Development of a TaqMan real-time RT-PCR protocol for rice stripe necrosis virus detection in plant material and soil

Rice is one of the main staple foodstuffs for the world's population; however, several diseases caused by phytopathogens cause yield losses in rice crops. Rice stripe necrosis virus (RSNV) belonging to the Benyviridae family and Benyvirus oryzae species is the causal agent of rice crinkle, an emerging disease that threatens this important crop. RSNV is transmitted by the plasmodiophoromycete, Polymyxa graminis, which can remain in the soil through resistance structures for decades.
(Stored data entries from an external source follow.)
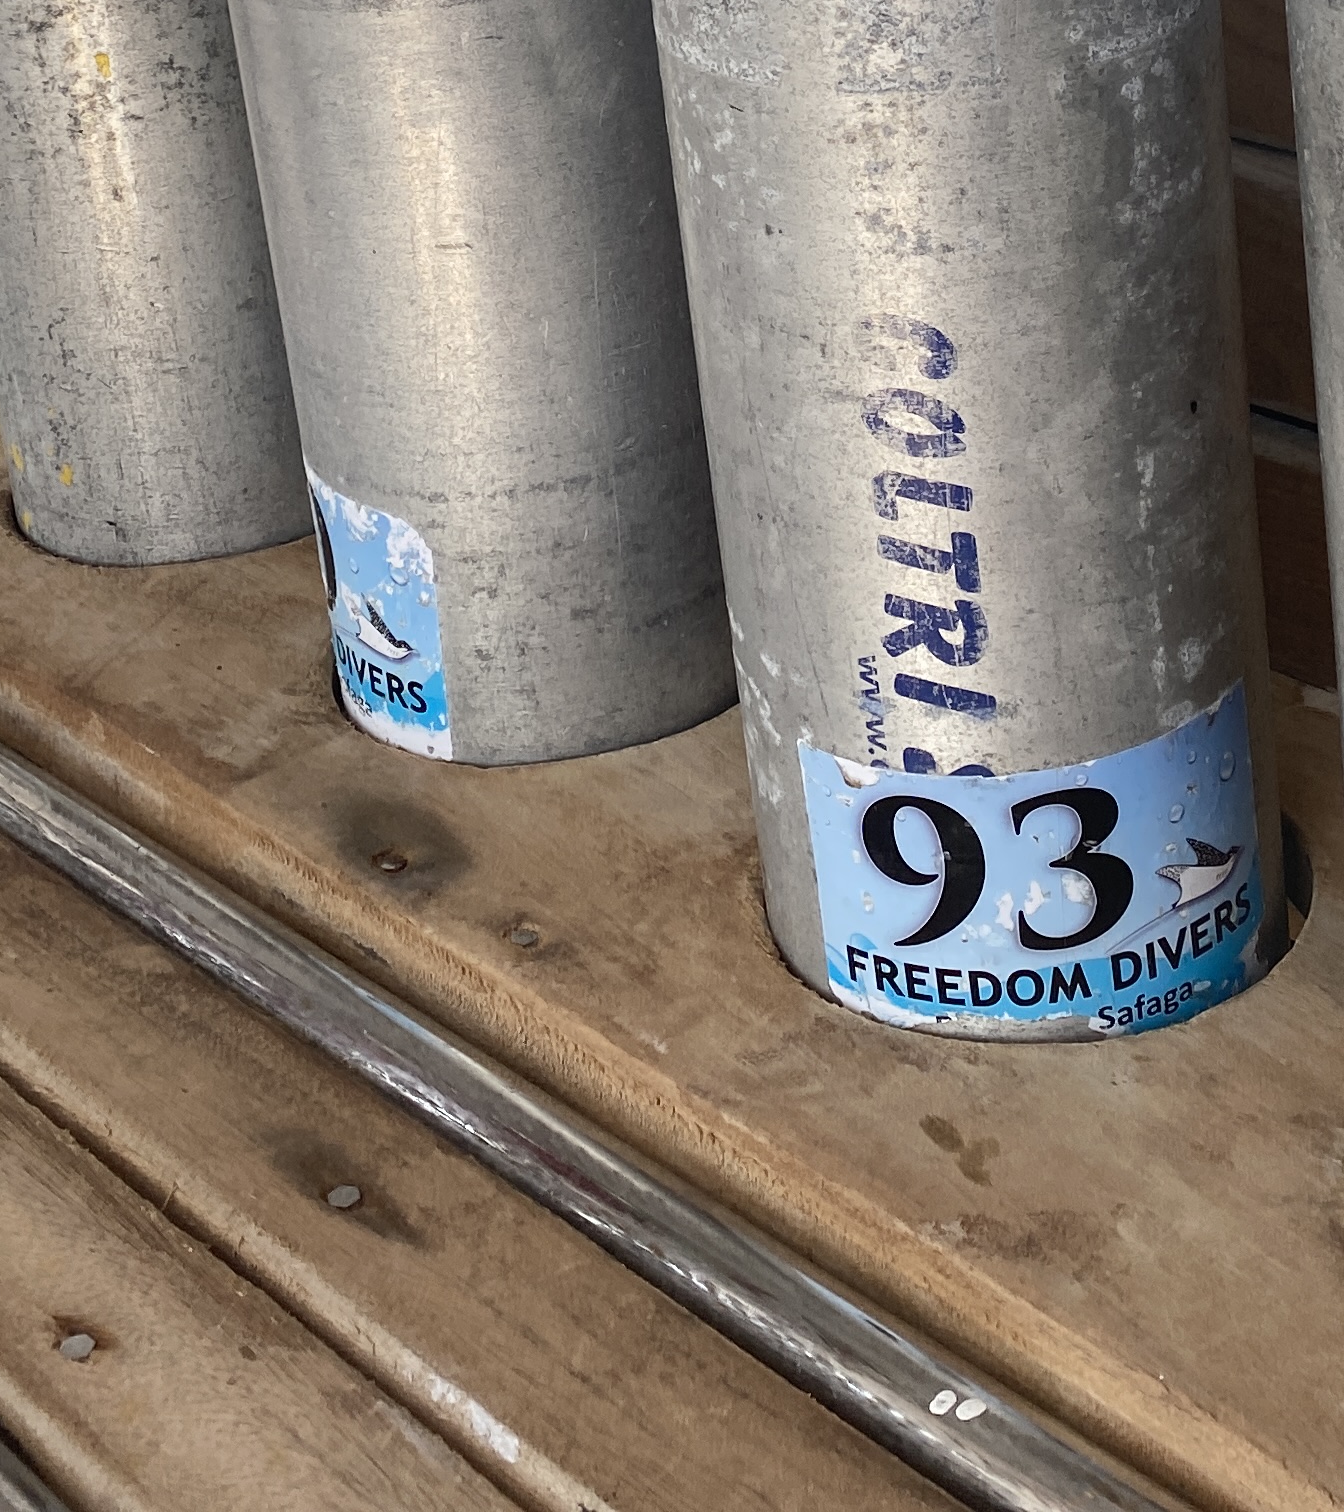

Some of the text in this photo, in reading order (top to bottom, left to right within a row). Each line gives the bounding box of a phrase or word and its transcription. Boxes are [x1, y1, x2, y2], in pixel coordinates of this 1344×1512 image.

[859, 313, 997, 719] COLTRI
[335, 634, 427, 714] DIVERS
[861, 788, 1135, 951] 93
[845, 883, 1253, 1008] FREEDOM DIVERS
[1098, 979, 1194, 1031] Safaga
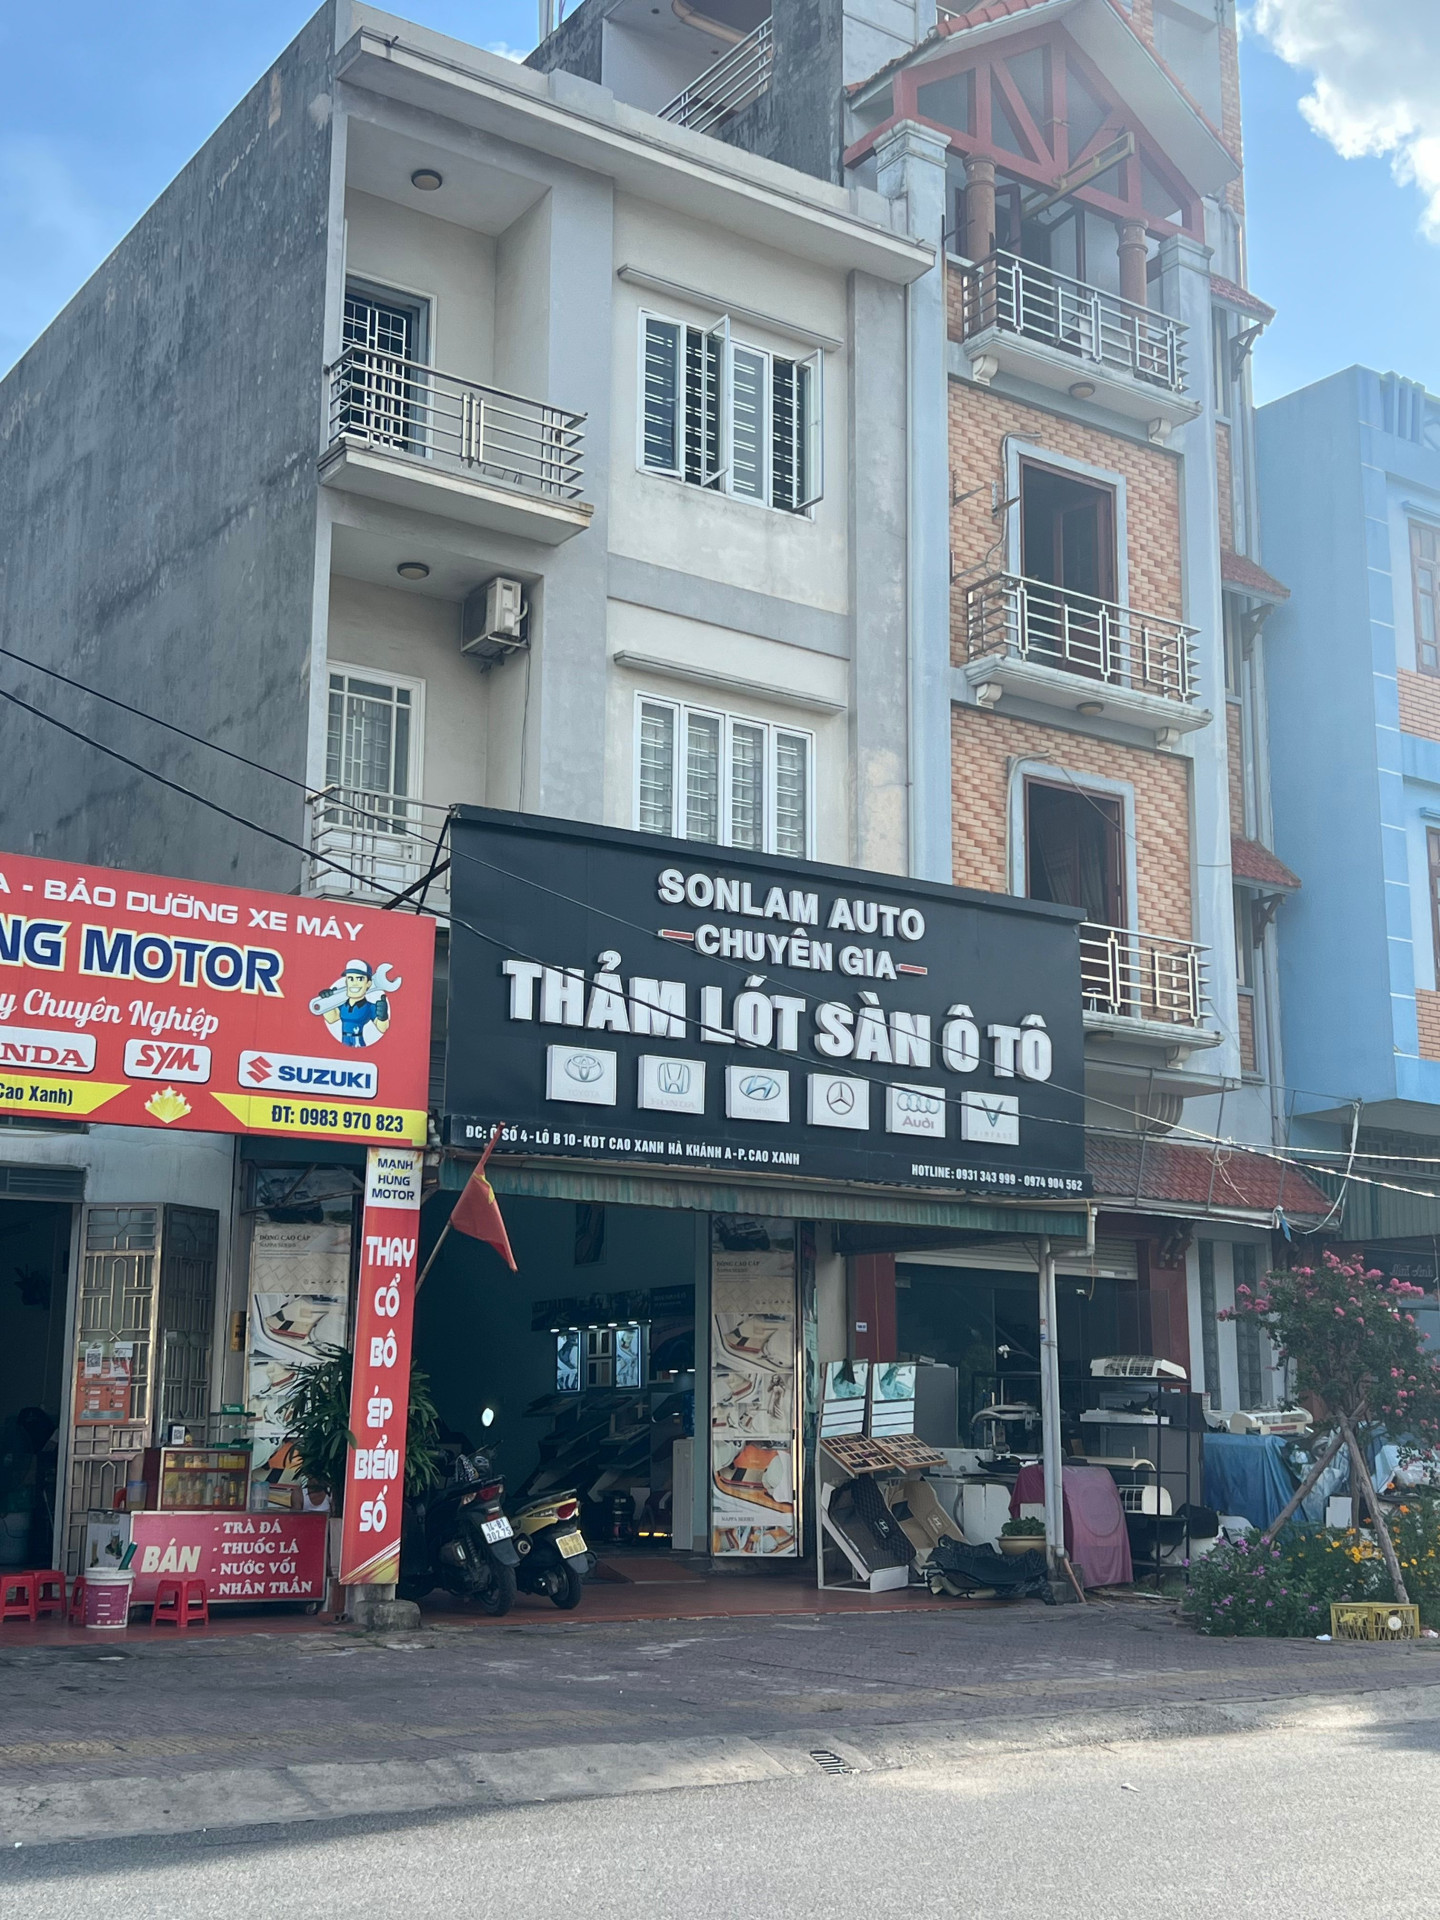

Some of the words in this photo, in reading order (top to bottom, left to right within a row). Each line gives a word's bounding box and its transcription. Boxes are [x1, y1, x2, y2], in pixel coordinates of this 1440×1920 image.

[44, 877, 117, 908] BẢO
[126, 891, 239, 926] DƯỠNG
[248, 907, 288, 932] XE
[296, 915, 364, 942] MÁY
[657, 868, 819, 926] SONLAM
[827, 897, 926, 942] AUTO
[81, 924, 285, 998] MOTOR
[695, 924, 833, 973] CHUYÊN
[839, 945, 898, 980] GIA
[24, 988, 122, 1028] Chuyên
[129, 1000, 219, 1041] Nghiệp
[502, 950, 687, 1039] THẢM
[701, 975, 807, 1053] LÓT
[814, 990, 931, 1068] SÀN
[942, 1004, 980, 1073] Ô
[987, 1014, 1052, 1082] TÔ
[135, 1044, 200, 1075] SYM
[278, 1065, 371, 1089] SUZUKI
[29, 1085, 73, 1106] Xanh)
[650, 1098, 696, 1110] HONDA
[272, 1105, 295, 1124] ĐT:
[300, 1107, 338, 1128] 0983
[343, 1111, 371, 1130] 970
[376, 1114, 404, 1133] 823
[902, 1115, 934, 1129] Audi
[466, 1125, 487, 1139] ĐC:
[501, 1124, 519, 1142] SỐ
[553, 1132, 561, 1145] B
[609, 1136, 631, 1151] CAO
[634, 1139, 664, 1154] XANH
[668, 1140, 683, 1155] HÀ
[686, 1142, 722, 1159] KHÁNH
[772, 1151, 800, 1166] XANH
[377, 1158, 413, 1171] MẠNH
[378, 1173, 410, 1187] HÙNG
[956, 1168, 978, 1181] 0931
[980, 1170, 997, 1183] 343
[999, 1173, 1016, 1185] 999
[1024, 1174, 1045, 1188] 0974
[1047, 1177, 1064, 1190] 904
[1065, 1179, 1083, 1191] 562
[372, 1188, 415, 1201] MOTOR
[366, 1236, 416, 1267] THAY
[374, 1273, 400, 1318] CỔ
[369, 1328, 398, 1368] BÔ
[366, 1385, 393, 1428] ÉP
[354, 1434, 399, 1480] BIỂN
[359, 1485, 388, 1532] SỐ
[223, 1519, 255, 1534] TRÀ
[259, 1519, 282, 1534] ĐÁ
[141, 1538, 201, 1573] BÁN
[221, 1537, 275, 1555] THUỐC
[279, 1539, 299, 1554] LÁ
[220, 1559, 267, 1575] NƯỚC
[270, 1557, 296, 1574] VỐI
[219, 1579, 265, 1596] NHÂN
[269, 1576, 312, 1593] TRẦN
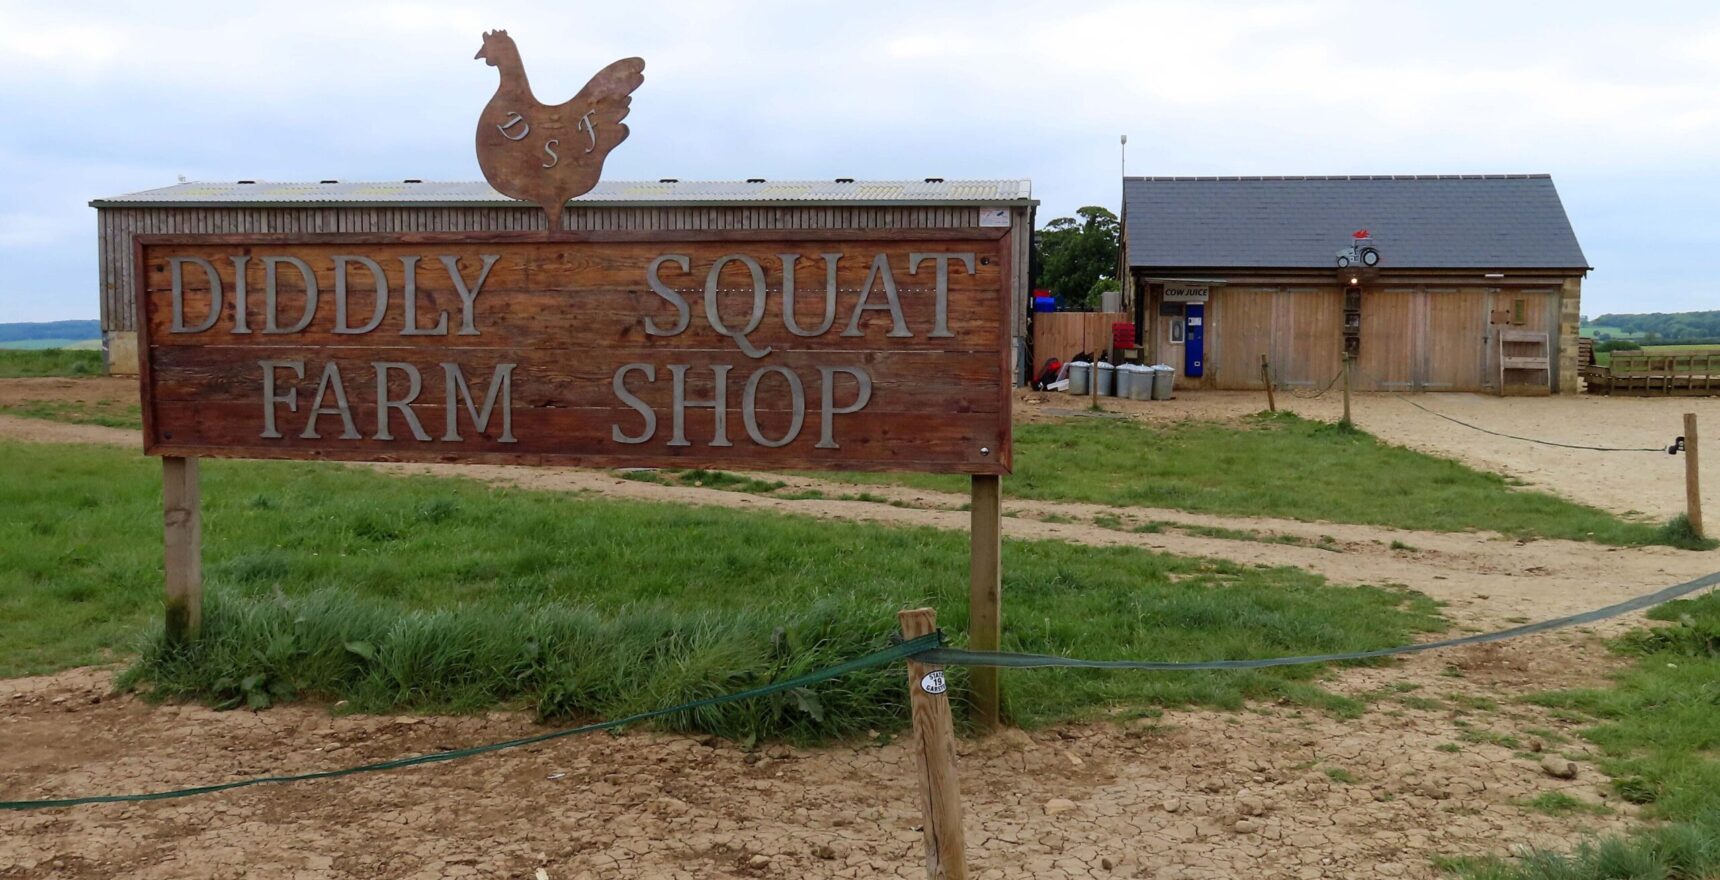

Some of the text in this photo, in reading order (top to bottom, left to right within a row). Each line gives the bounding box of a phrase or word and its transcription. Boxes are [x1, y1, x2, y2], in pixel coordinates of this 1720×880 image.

[496, 111, 530, 141] D
[542, 139, 560, 169] S
[167, 252, 977, 359] DIDDLY SQUAT
[1165, 288, 1208, 296] COW JUICE
[258, 360, 873, 449] FARM SHOP
[933, 678, 942, 686] 19
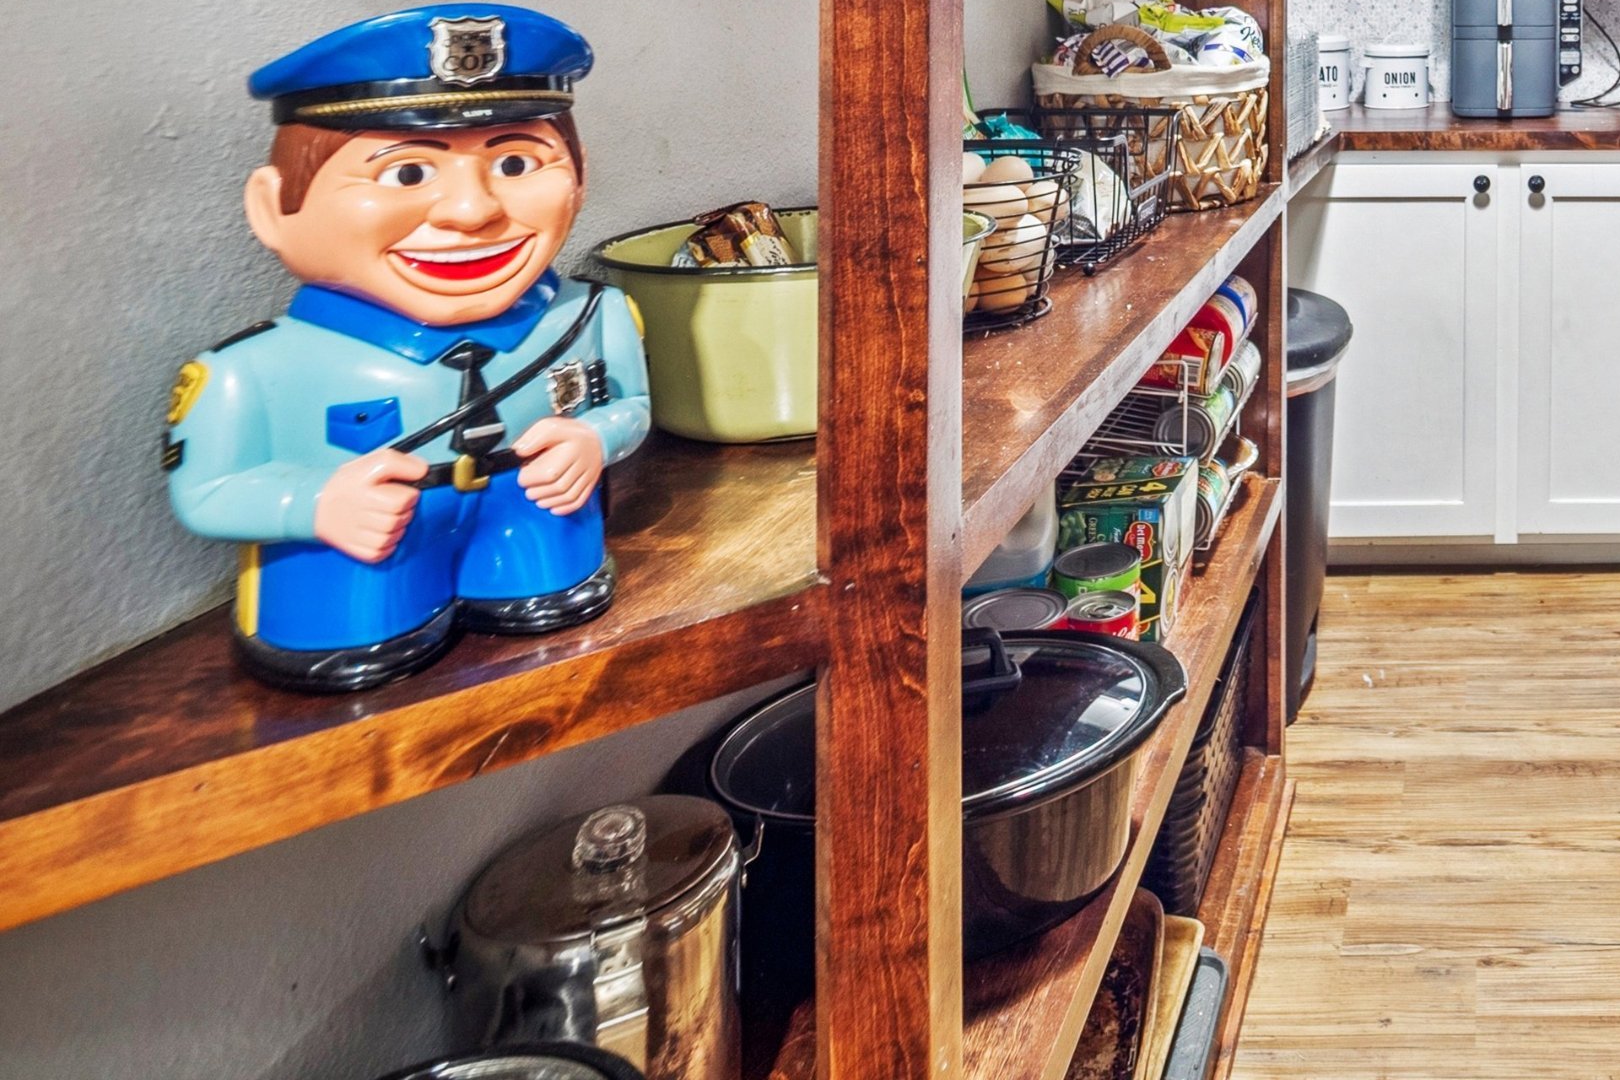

The symptoms caused by the virus are often confused with other causes, making a correct diagnosis and the adoption of effective management and control measures difficult. Current RSNV detection methods are mainly based on enzyme-linked immunosorbent assay (PTA-ELISA) and conventional reverse transcription polymerase chain reaction (RT-PCR) assays. In this study, a new detection method based on a TaqMan real-time RT-PCR combined with a direct sample preparation method using crude extracts has been developed. The new protocol has resulted in 100 times more sensitivity than conventional RT-PCR when using plant material and 1000 times more sensitivity for soil solutions. In addition, the high sensitivity exhibited by our method has also been shown when testing direct samples, thus avoiding nucleic acid purification steps.